Got to cruise up to Wet Dreams today in Flagstaff for a look at the 14' Cutthroat. Great looking setup. If I thought I could get away with running that big of a boat often enough, then I'd prolly get it. So far it seems that the frame is pretty well liked and versitile and suited to many tube combinations. Think that trying to run with a paddle is out though.


----------



## jpwinc

Dusto5 said:


> Got to cruise up to Wet Dreams today in Flagstaff for a look at the 14' Cutthroat. Great looking setup. If I thought I could get away with running that big of a boat often enough, then I'd prolly get it. So far it seems that the frame is pretty well liked and versitile and suited to many tube combinations. Think that trying to run with a paddle is out though.


The best story I have of the oar paddle combo was one high water year on the Owhyee river a customer took a cutthroat 2 narrow with 16 inch tubes down Deep creek for 2 or 3 days till they got to the Owahee and then put the oars on. He was the gear boat for the rest who were kayaking. 
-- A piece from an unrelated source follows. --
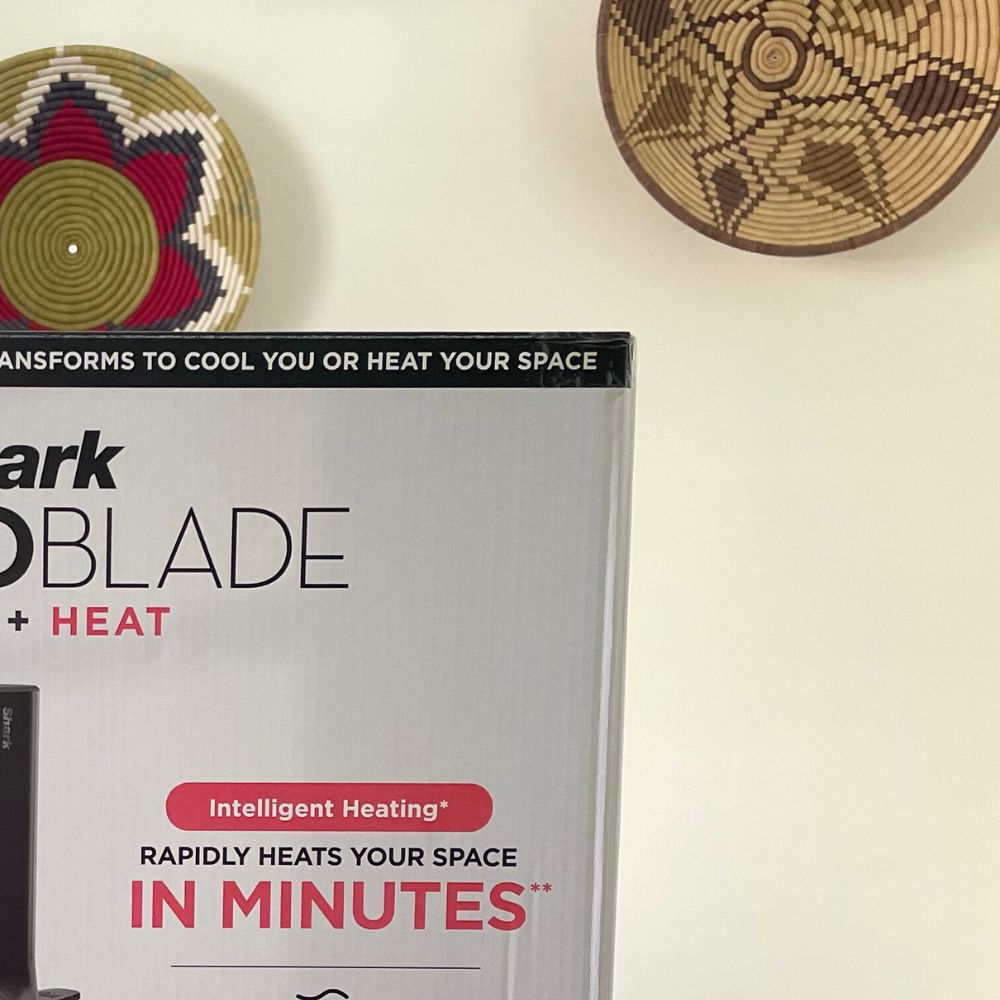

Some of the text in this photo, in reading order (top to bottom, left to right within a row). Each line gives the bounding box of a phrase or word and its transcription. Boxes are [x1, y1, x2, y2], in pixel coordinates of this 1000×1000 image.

Then one time we took it down Muddy Creek in Utah. I think that was 2005 a high water year when the muddy ran for 6 weeks above 400 cfs, and the Escalante ran for 6 weeks above 650 cfs. That hardly ever happens. It did that year. So we were able to take Cutthroats with oars down the Muddy. Otherwise I would have used a long kayak paddle. The narrow cutthroat with 16 inch tubes can use a 240 cm paddle. But I know that there are longer paddles out there. They are just hard to find.


----------



## Dusto5

The old school Carlisle 90" is my favorite paddle. Think it would work great with either a Cutthroat or Fat Cat setup. To start out in the paddle cat world, I may go with a Fat Cat. There are things about Cutthroat style tubes that I prefer, but the Fat Cat has been around long enough to have a substantial reputation. For one, I've always wondered what the story is with the reverse rockered rear. Is this to increase stability with increased waterline?


----------



## Dusto5

So right down the street I pick up one of these. A 13' Pack Cat tandem! When was the last time you saw one of these?


----------



## Dusto5

The Oak Creek in central AZ finally got some water, and was running about 750 cfs, which I felt would be a good trial for the Pack Cat. For my area it's about the best day-run I've found, and this run was no exception. Rolled over once (paddler error), but punched all the biggest holes on the rest of the ride. The handling mannerisms were way different compared to the IK I've been running - it cuts cross currents like butter, moves faster, and doesn't need to "drift" corners. About the only downside I came up with is the contiunal spashing of water you get in the croch and back side, which in the summer would be fine with board-shorts - In winter with runoff, I'll invest in some drypants.


----------



## scout1

Corkscrew rapid on the Cahabon River in Guatemala - YouTube

just a nice flip


----------



## Dusto5

Yeeeeaaahhh! That is sweet - I'd like to know where the sneak line is thru that drop.


----------



## scout1

Far left. A couple people in the group took that line.


----------



## Dusto5

Do you go down there much? Doing some trips south of Mexico is on the bucket list!


----------



## scout1

I wish I could do it every year but sadly I am left to survive on the N umpqua......Bummer


----------



## Dusto5

Have you run the Chetco?


----------



## scout1

Nope


----------



## Dusto5

After looking up the Umpqua, I can't say I feel sorry for you


----------



## Dusto5

New frame almost done. Getting ready to hit the Salt next weekend.


----------



## Dusto5

Just need to finish the runners.


----------



## k2andcannoli

New from Star Inflatables


----------



## Dusto5

Are you gonna run an oar frame on that or P2 or what? What are the dimensions and tube diameter?


----------



## billycrack

Dusto5 where do you sit on your fat cat? what size emt ? and distance between tubes? looks like 20 inches nice pic how long are you padles?


----------



## Dusto5

Billy, it's 3/4 emt. The space between tubes is 16" for an overall width of 40". My seating setup revolves around these "runners" and some lo-pro type fittings I've had to come up with (cause nobody makes any). The runners going from the front frame section to the second will rest on the lower frame cross-sections, and will hold the ice chest. The runners going from frame 2 to frame three will be resting on the upper cross sections. Gonna strap a drybag to those and use it as a seat with my knees on the tubes or feet down by the icechest. If I need to, I can lower my runners to the lower cross members to reduce my ride height by a couple inches, but it also gets me closer to the water. I went 5" wider than stock with the idea that the extra width will help counteract a higher center of gravity. Guys I run with ride this way on their Sotar duckies with pretty good results. 
The paddle I run is the old school Carlisle (don't know what the actual model number is). Am also thinking of running a single end canoe paddle. (?)


----------



## jpwinc

If you need any info on the tubes, let me know. 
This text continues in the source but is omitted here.